Cisco introduced the idea of the Intercloud early last year as a way of addressing the growth of hybrid clouds. Almost three dozen other companies have joined Cisco's efforts to create a globally connected network of private, public and hybrid clouds that leverages the vendor's solutions. The Intercloud will include such technologies as Cisco's Application Centric Infrastructure (ACI)—essentially the company's answer to the software-defined networking (SDN) movement—which includes hardware and software resources working together to ensure the right resources for workloads. It also includes the Intercloud Fabric for moving applications from one cloud to another, and uses OpenStack as a foundational element.

Cisco is investing more than $2 billion on the Intercloud effort.

"Our enterprise-class portfolio of technology and cloud services gives customers the choice to build their own private clouds or consume cloud services from a trusted Intercloud Provider," Romanski wrote. "The Intercloud provides choice of services, all with compliance and control.
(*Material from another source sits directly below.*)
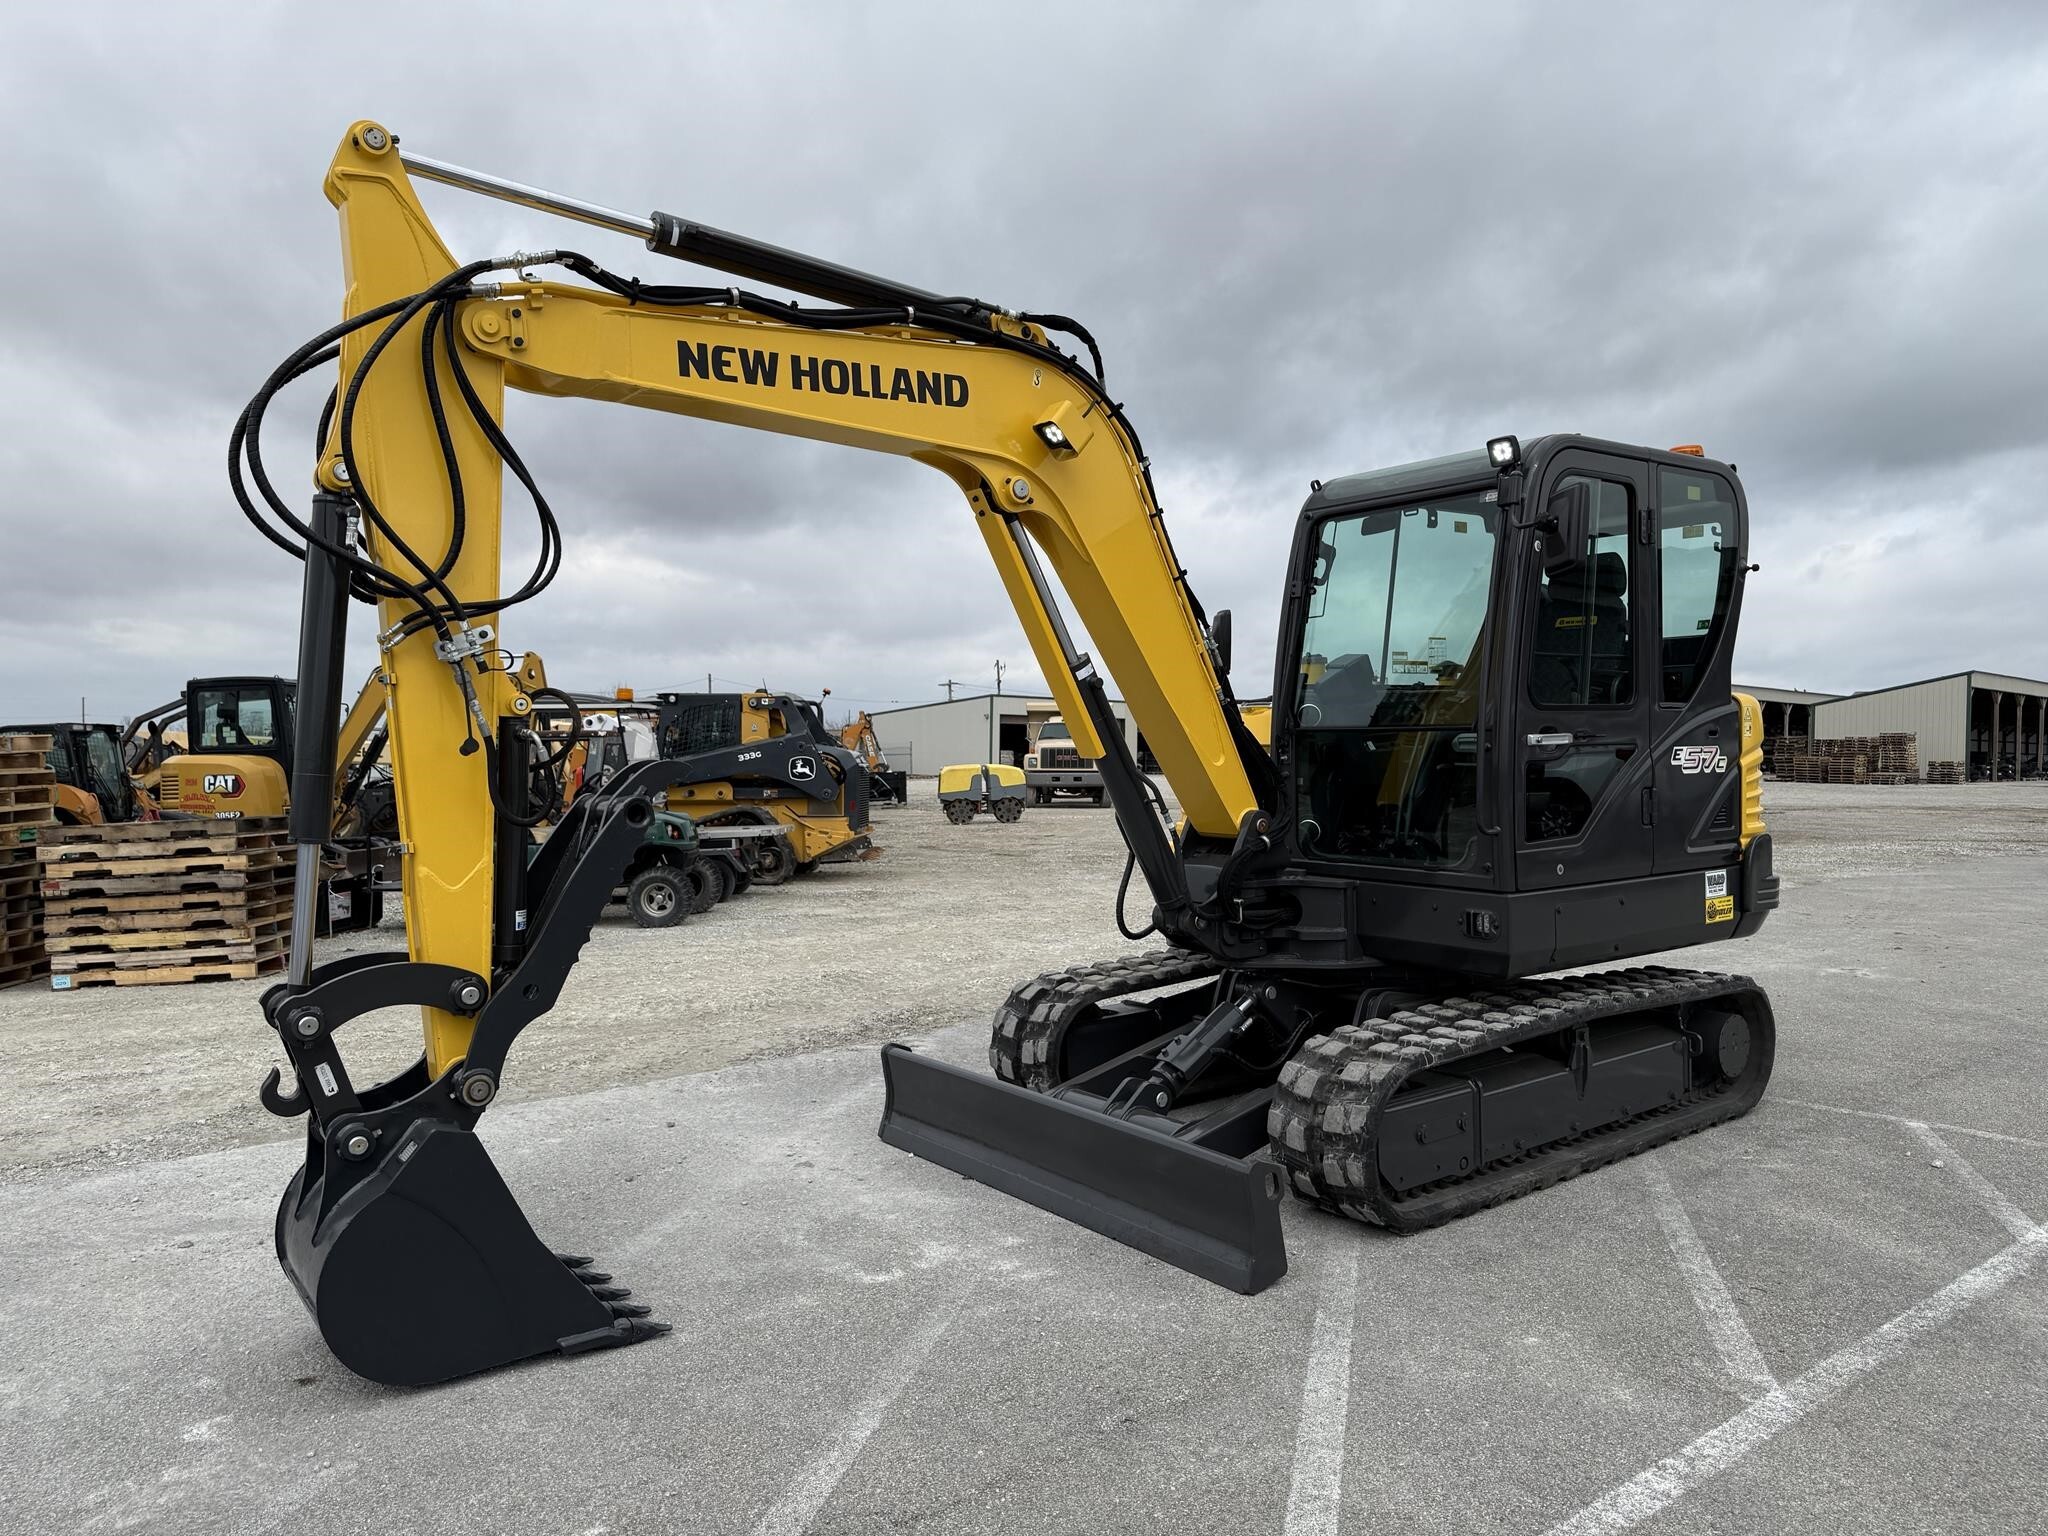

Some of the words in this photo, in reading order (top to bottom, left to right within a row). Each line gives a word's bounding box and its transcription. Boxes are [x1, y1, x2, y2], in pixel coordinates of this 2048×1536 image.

In a nutshell: we're delivering cloud the way our customers need it."

Piston, which launched in 2011, brings more OpenStack capabilities to the picture through its CloudOS, which company officials said automate bare-metal orchestration and cluster management. Essentially, organizations can treat clusters of commodity servers in the data center as a single resource that can be shared efficiently by such services as OpenStack, Hadoop, Spark, Docker Swarm and Mesos. The result is services that can be deployed in minutes and a reduction in operational and management costs by as much as 85 percent, they said.

In a post on the Piston blog, CEO Jim Morrisroe and Christopher MacGown, co-founder and CTO, wrote that their technology is a good fit for what Cisco is doing with Intercloud.

"The Intercloud is an open solution that brings together organizations' private clouds and major public clouds, along with Cisco and partner clouds, enabling the movement of workloads across heterogeneous cloud environments," MacGown and Morrisroe wrote. "Piston's technology and our expertise in accelerating the provisioning, deployment and automated management of large-scale distributed systems will complement Cisco's ambitious Intercloud strategy."

Piston employees will become part of Cisco's Cloud Services unit, which is run by Faiyaz Shahpurwla, senior vice president of the company's Cloud Infrastructure and Managed Services group.

Editor's note: This story was changed to correct the titles of Jim Morrisroe and Christopher MacGown.